Infelizmente, o debate em torno do SNS decorreu sobretudo em relação às PPP e deixou de fora fluxos financeiros bem mais importantes e medidas a tomar que poderão ser decisivas para a Saúde. E é aqui que o ministro e o secretário de Estado do Orçamento têm que ter olhos e ouvidos. O SNS pagou aos privados 87.833 (milhares de euros) em 2016 só em radiologia. Que tal investir em equipamentos e pagar bem a especialistas de alta patente que ainda militam no SNS para recuperar este dinheiro em poucos anos? Quem saiba fazer contas que as faça… Em endoscopias de gastroenterologia pagou só nesse ano 36.201 (milhares de euros). Que tal melhorar os equipamentos dos hospitais e reter os especialistas para não irem ganhar o triplo nos privados? Mais uma vez impõem-se contas a quem as sabe fazer.

Os especialistas, com sete anos de formação e avaliações para além da licenciatura em Medicina, com investigação publicada, estão a fugir-nos por entre os dedos, porque o SNS não os sabe contratar. E, para o futuro, a exclusividade é a única forma de dedicação plena.

Quanto a análises clínicas, só em um ano, aquele a que tenho acesso, pagou 142.876 (milhares de euros). Poupava-se expandindo os laboratórios hospitalares e abri-los a todo o público? Mas é preciso ter coragem política para o fazer. Aplicar medicamentos oncológicos para prevenir metástases e discutir o preço com a indústria é também poupar. Gastar um pouco mais agora, para poupar depois.
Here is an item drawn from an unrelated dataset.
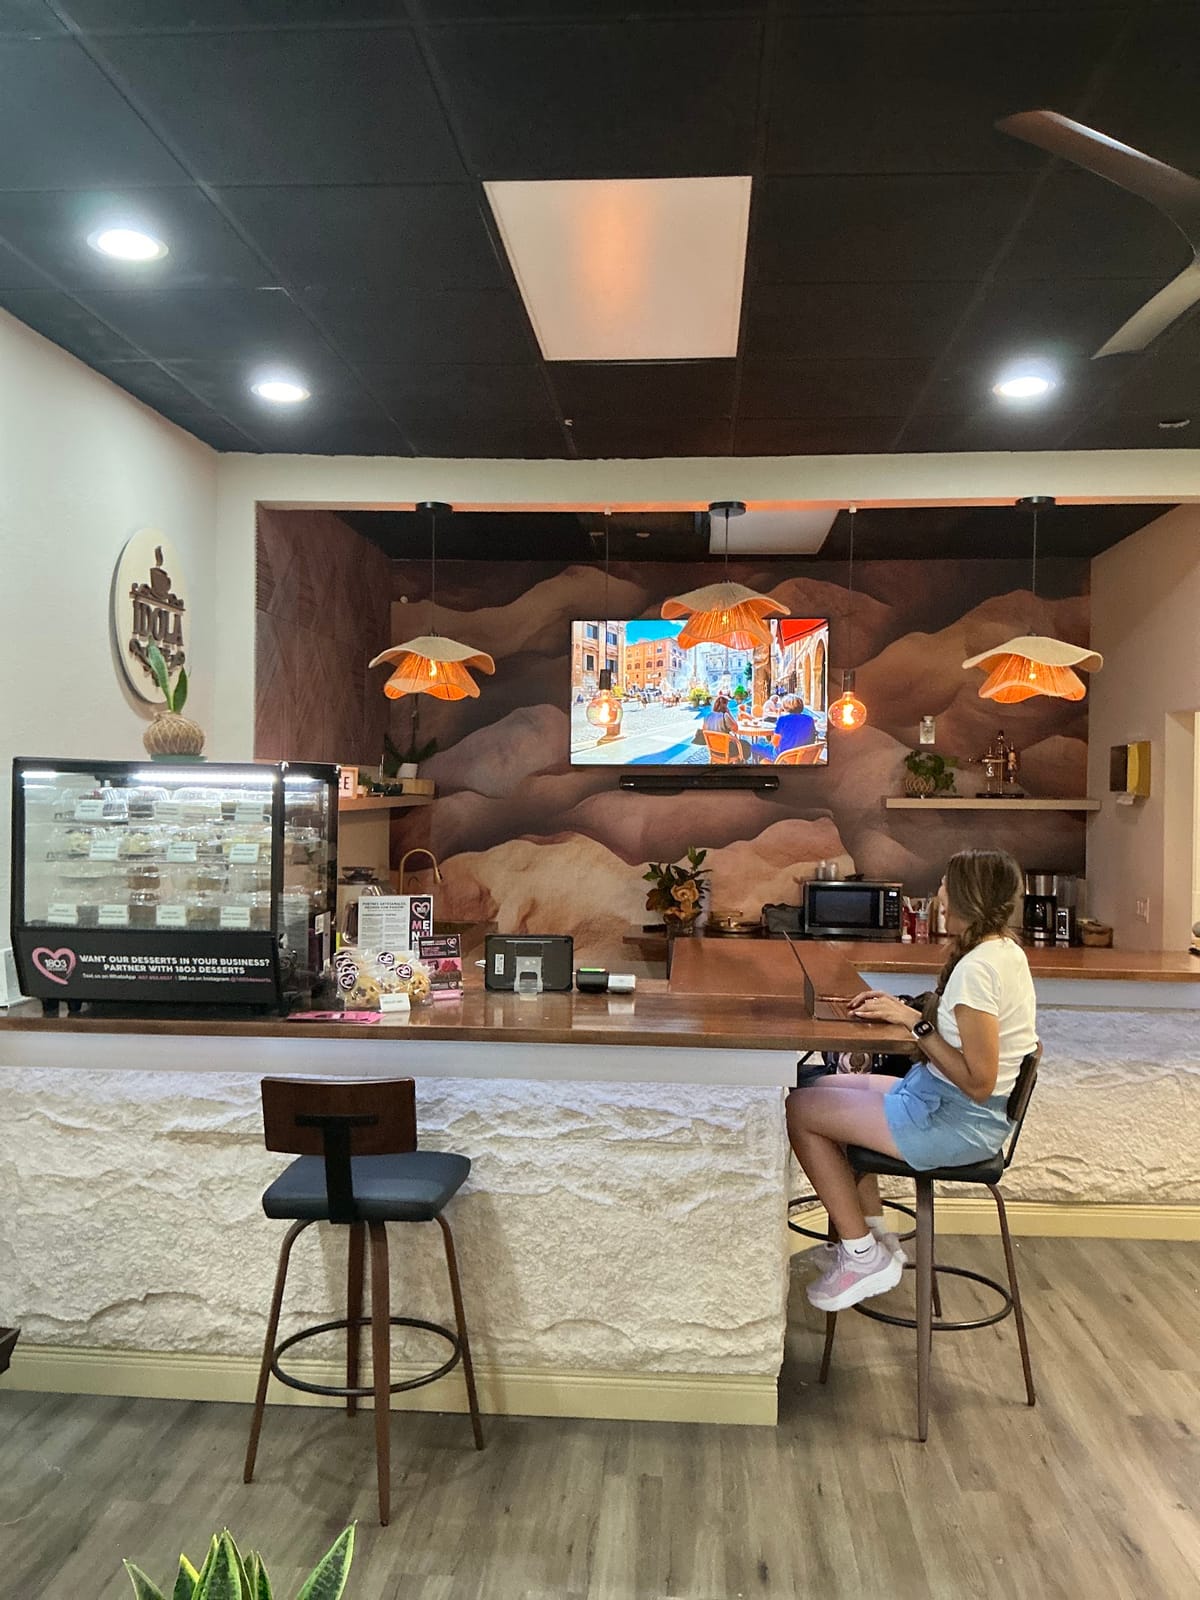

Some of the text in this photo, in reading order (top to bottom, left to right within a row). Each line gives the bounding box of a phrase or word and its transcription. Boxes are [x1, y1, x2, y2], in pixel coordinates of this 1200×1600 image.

[44, 958, 67, 968] 1803
[79, 954, 270, 967] WANT OUR DESSERTS IN YOUR BUSINESS?
[103, 963, 246, 974] PARTNER WITH 1803 DESSERTS
Pertenço ao grupo de pessoas que acham sinceramente que este ministro das Finanças, Mário Centeno, e o secretário de Estado do Orçamento, João Leão, são pessoas de grande competência, a qual foi aplicada para reduzir o défice e a dívida. Mas chegou a hora, antes e depois das eleições, de ouvir os especialistas da Saúde para investir na qualidade e, portanto, na boa gestão e poupar no que tem que ser poupado. A política predominante na União Europeia é a de confiscar os bens comuns, a saúde, a educação, os caminhos-de-ferro e até os dados de Ciência e Medicina, como titulou na capa o jornal Le Monde. Portugal deverá aguentar-se na contra-corrente e por isso também salvar o SNS.